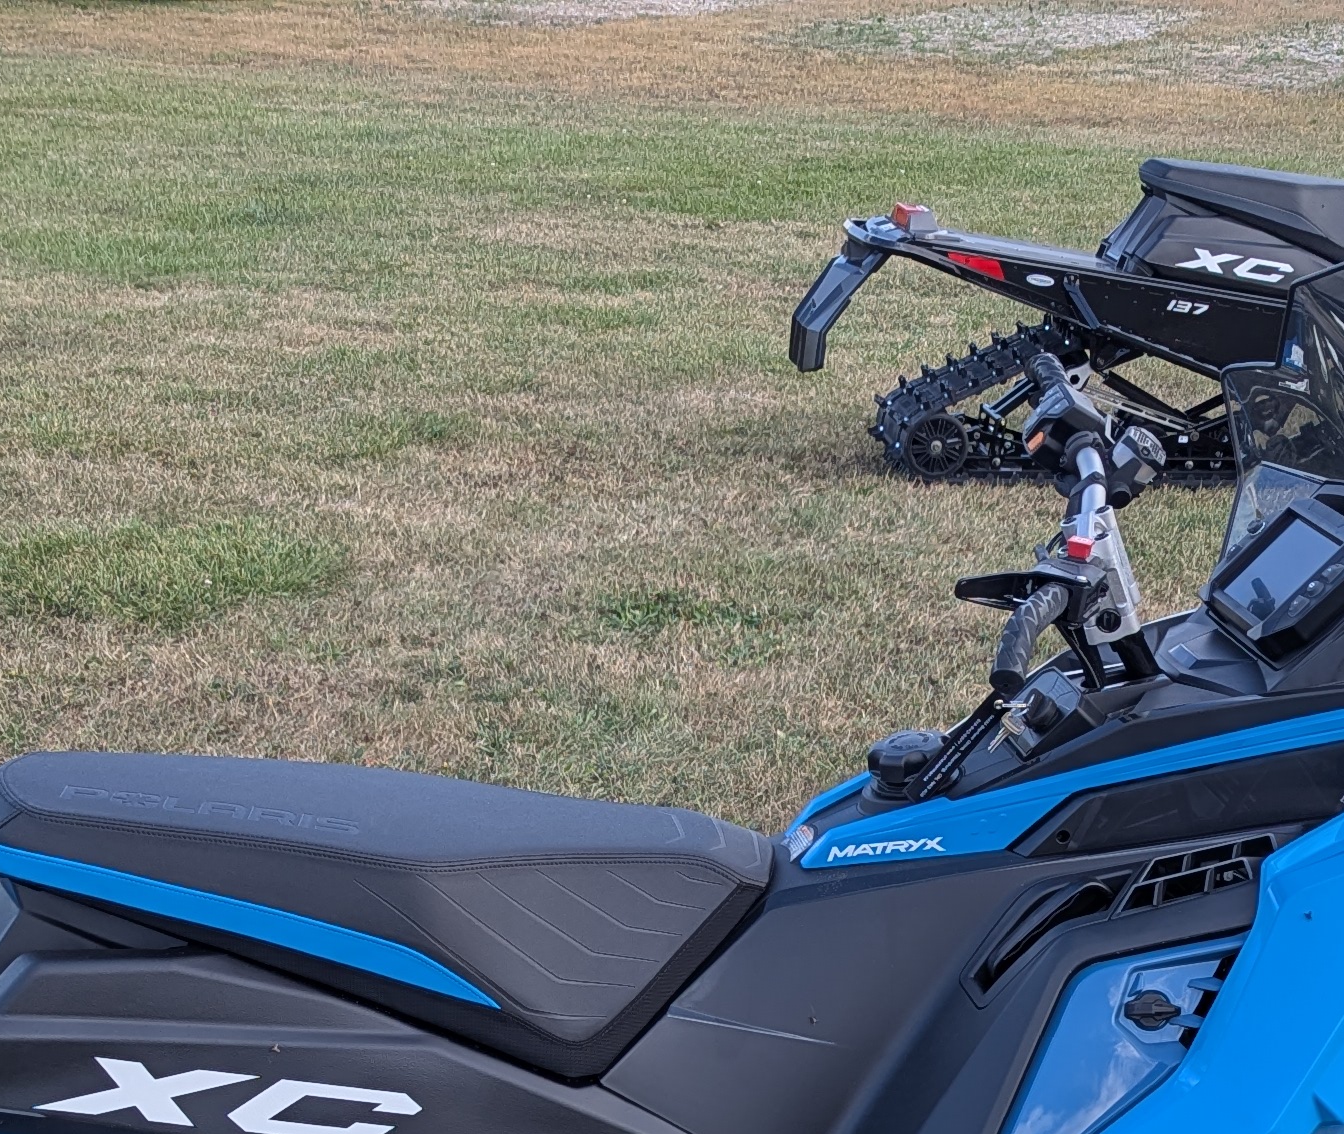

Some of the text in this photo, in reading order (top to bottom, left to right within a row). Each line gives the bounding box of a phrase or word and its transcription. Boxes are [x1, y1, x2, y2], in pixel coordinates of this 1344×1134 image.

[1174, 247, 1294, 283] XC
[1166, 299, 1209, 315] 137
[59, 784, 361, 835] POLARIS
[827, 836, 946, 862] MATRYX

[Work item]: Retype the listing above exactly, please. Pictures do not belong in the copy.

[Written response]:
Some of the text in this photo, in reading order (top to bottom, left to right within a row). Each line gives the bounding box of a phrase or word and its transcription. Boxes are [x1, y1, x2, y2], in pixel coordinates of this 1344×1134 image.

[1174, 247, 1294, 283] XC
[1166, 299, 1209, 315] 137
[59, 784, 361, 835] POLARIS
[827, 836, 946, 862] MATRYX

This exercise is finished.